Exposure of the vertebral artery (VA) between C-1 and C-2 vertebrae (atlantoaxial VA) may be necessary in a variety of pathologies of the craniovertebral junction. Current methods to expose this segment of the VA entail sharp dissection of muscles close to the internal jugular vein and the spinal accessory nerve. The present study assesses the technique of exposing the atlantoaxial VA through a newly defined muscular triangle at the craniovertebral junction.

METHODS

Five cadaveric heads were prepared for surgical simulation in prone position, turned 30°–45° toward the side of exposure. The atlantoaxial VA was exposed through the subatlantic triangle after reflecting the sternocleidomastoid and splenius capitis muscles inferiorly.

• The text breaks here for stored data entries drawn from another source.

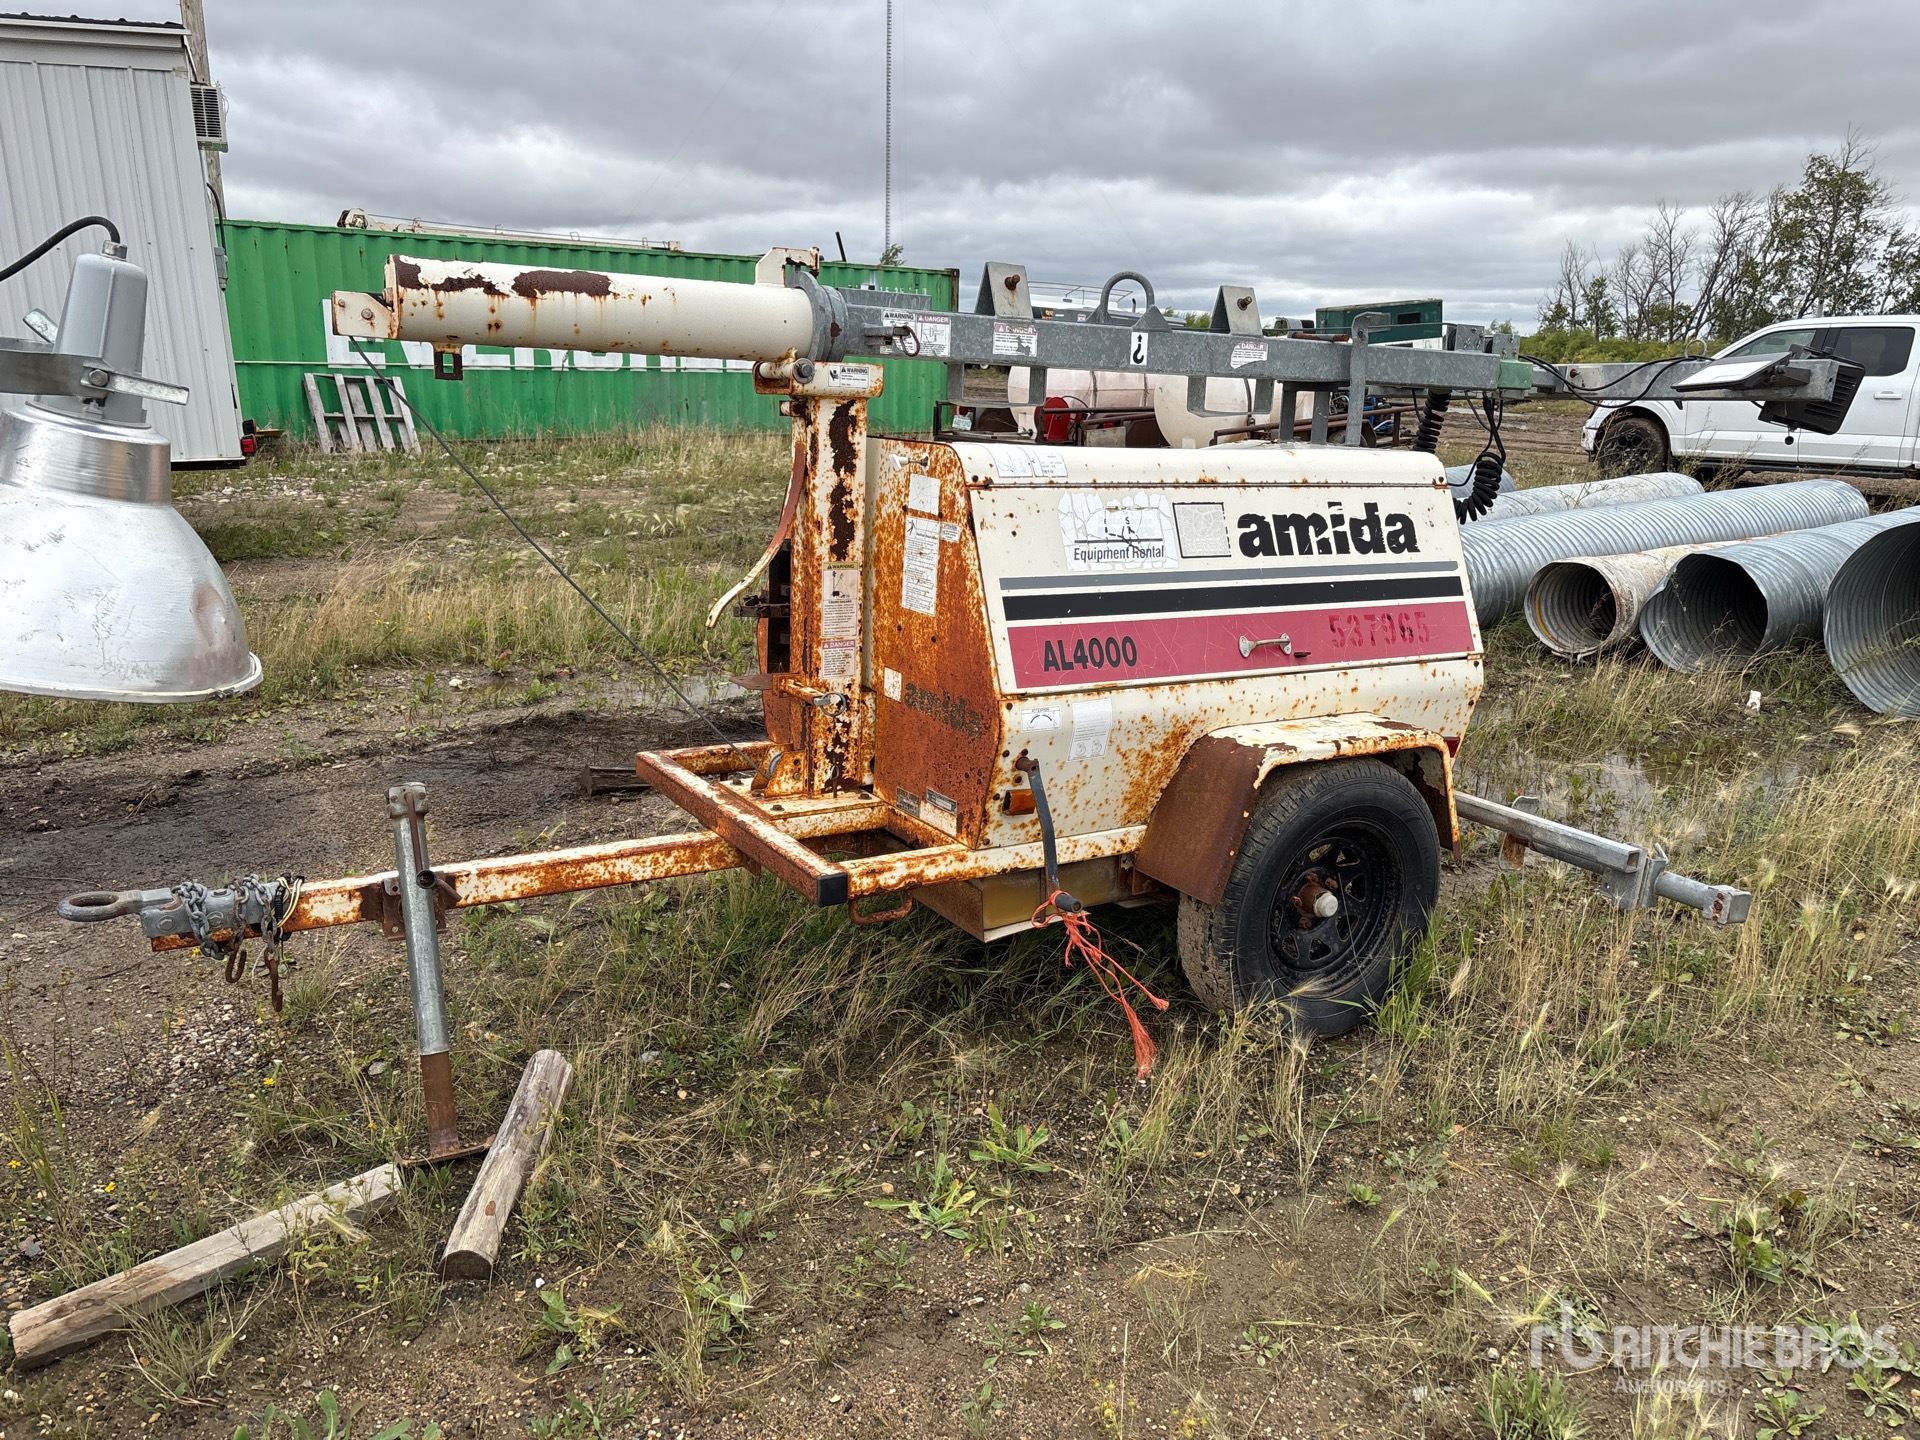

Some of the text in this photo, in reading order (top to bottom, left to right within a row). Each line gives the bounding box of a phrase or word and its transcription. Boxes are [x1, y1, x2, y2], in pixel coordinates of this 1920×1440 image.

[889, 312, 914, 320] WARNING
[1237, 501, 1421, 558] amida
[1074, 545, 1164, 563] Equipment Rental
[1328, 611, 1430, 648] 537965
[829, 640, 855, 648] DANGER
[1044, 635, 1137, 672] AL4000

The subatlantic triangle was formed by 3 groups of muscles: 1) the levator scapulae and splenius cervicis muscles inferiorly and laterally, 2) the longissimus capitis muscle inferiorly and medially, and 3) the inferior oblique capitis superiorly. The lengths of the VA exposed through the triangle before and after unroofing the C-2 transverse foramen were measured.

RESULTS

The subatlantic triangle consistently provided access to the whole length of atlantoaxial VA. The average length of the VA exposed via the subatlantic triangle was 19.5 mm. This average increased to 31.5 mm after the VA was released at the C-2 transverse foramen.

CONCLUSIONS

The subatlantic triangle provides a simple and straightforward pathway to expose the atlantoaxial VA. The proposed method may be useful during posterior approaches to the craniovertebral junction should early exposure and control of the atlantoaxial VA become necessary.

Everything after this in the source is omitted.